## What to work on
Reproduce each record exactly, but exclude every picture.

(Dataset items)
⁂

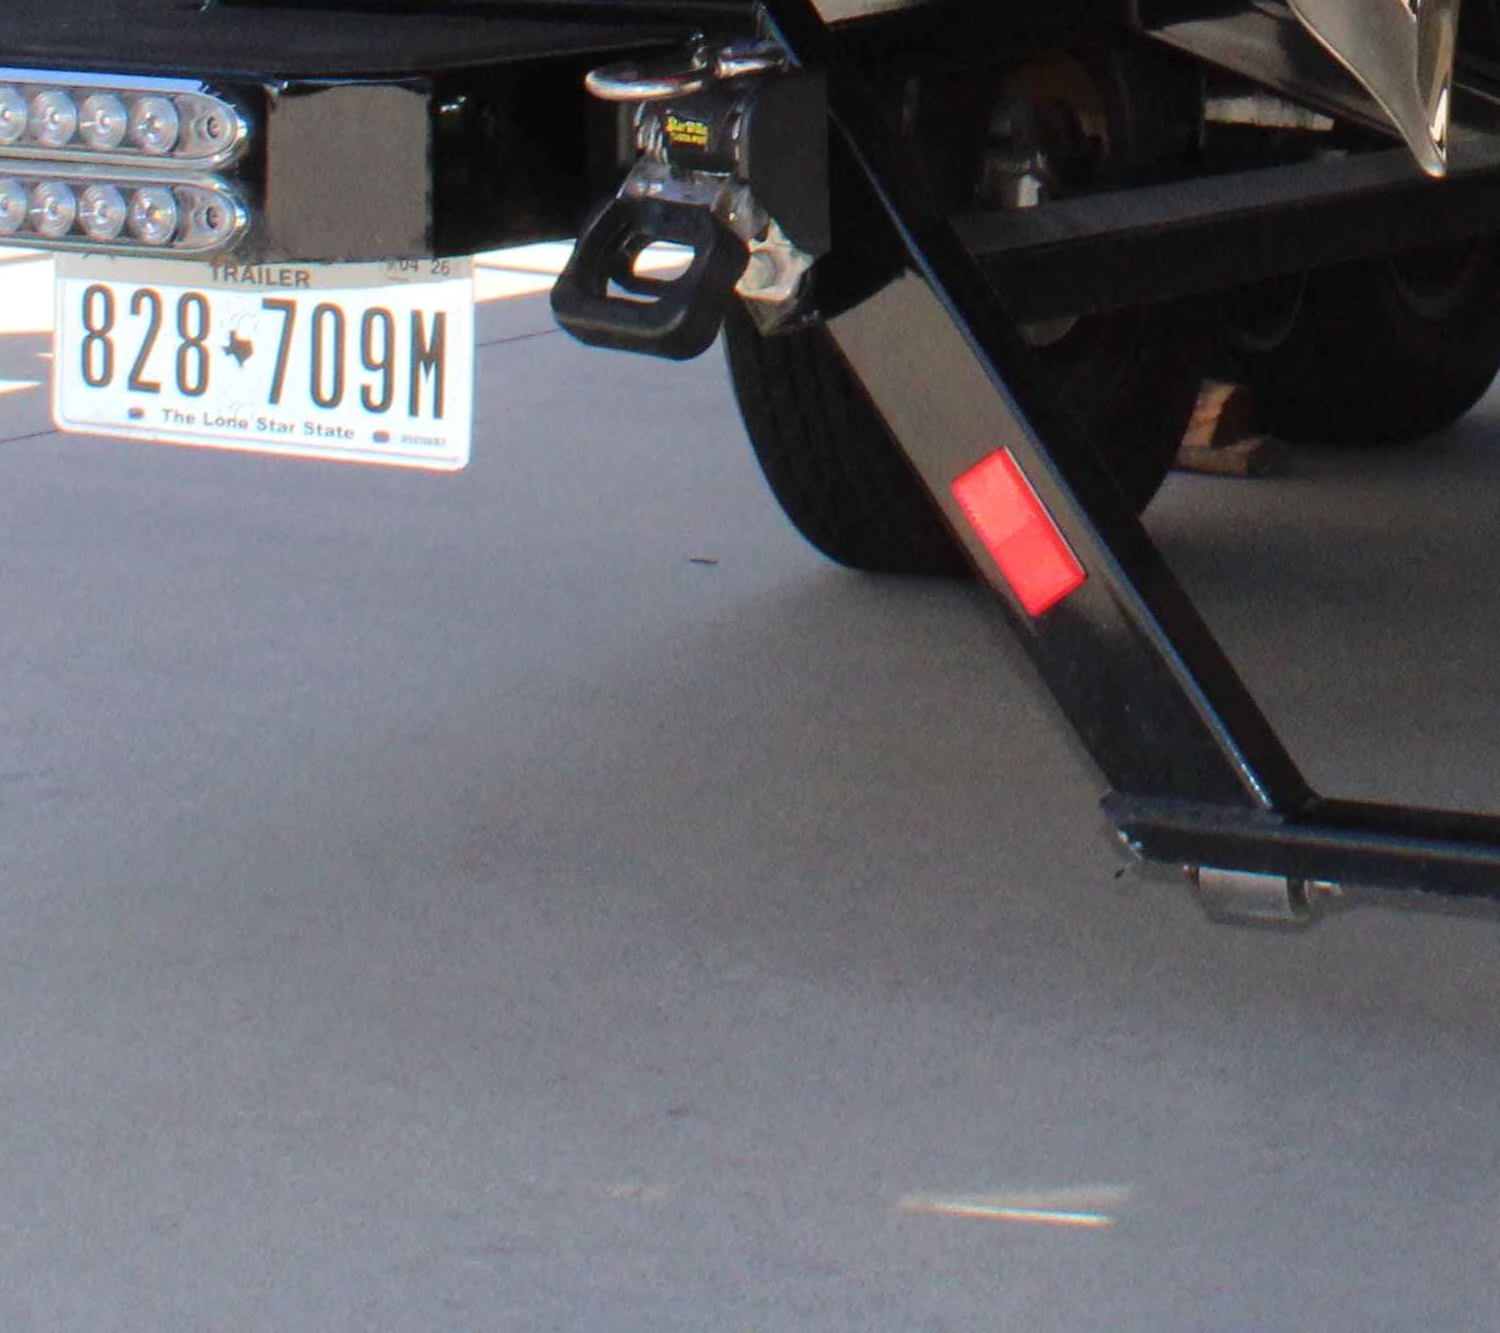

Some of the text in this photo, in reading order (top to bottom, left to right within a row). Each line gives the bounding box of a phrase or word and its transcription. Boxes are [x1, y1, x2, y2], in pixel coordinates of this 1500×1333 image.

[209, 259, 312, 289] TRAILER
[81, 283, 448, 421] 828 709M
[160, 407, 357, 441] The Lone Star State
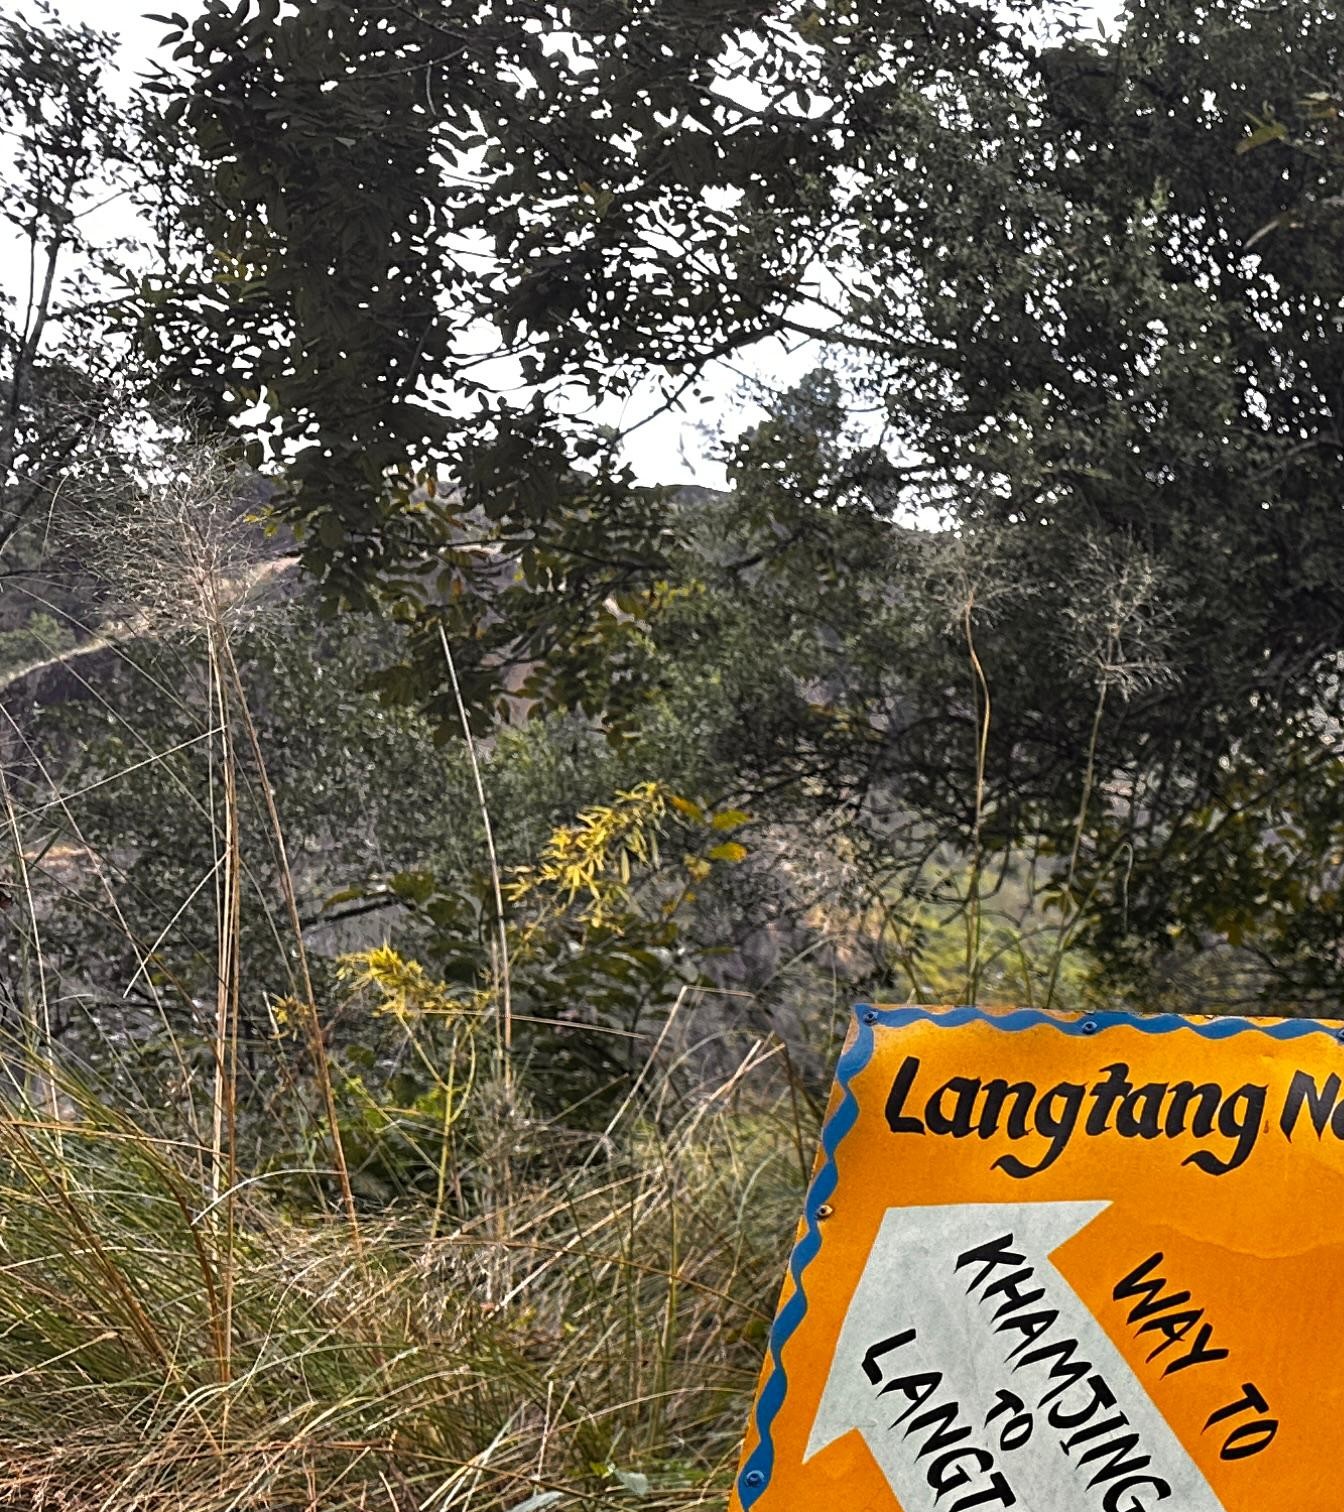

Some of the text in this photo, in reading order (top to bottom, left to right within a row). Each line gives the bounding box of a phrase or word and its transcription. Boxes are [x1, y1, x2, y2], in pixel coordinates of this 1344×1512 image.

⁂

## Written answer
Some of the text in this photo, in reading order (top to bottom, left to right within a row). Each line gives the bounding box of a phrase or word and its transcription. Boxes are [x1, y1, x2, y2], in pixel coordinates of this 1500×1333 image.

[209, 259, 312, 289] TRAILER
[81, 283, 448, 421] 828 709M
[160, 407, 357, 441] The Lone Star State

Some of the text in this photo, in reading order (top to bottom, left to right within a row). Each line gives the bounding box of a phrase or word and its transcription. Boxes are [x1, y1, x2, y2], in pixel coordinates of this 1344×1512 image.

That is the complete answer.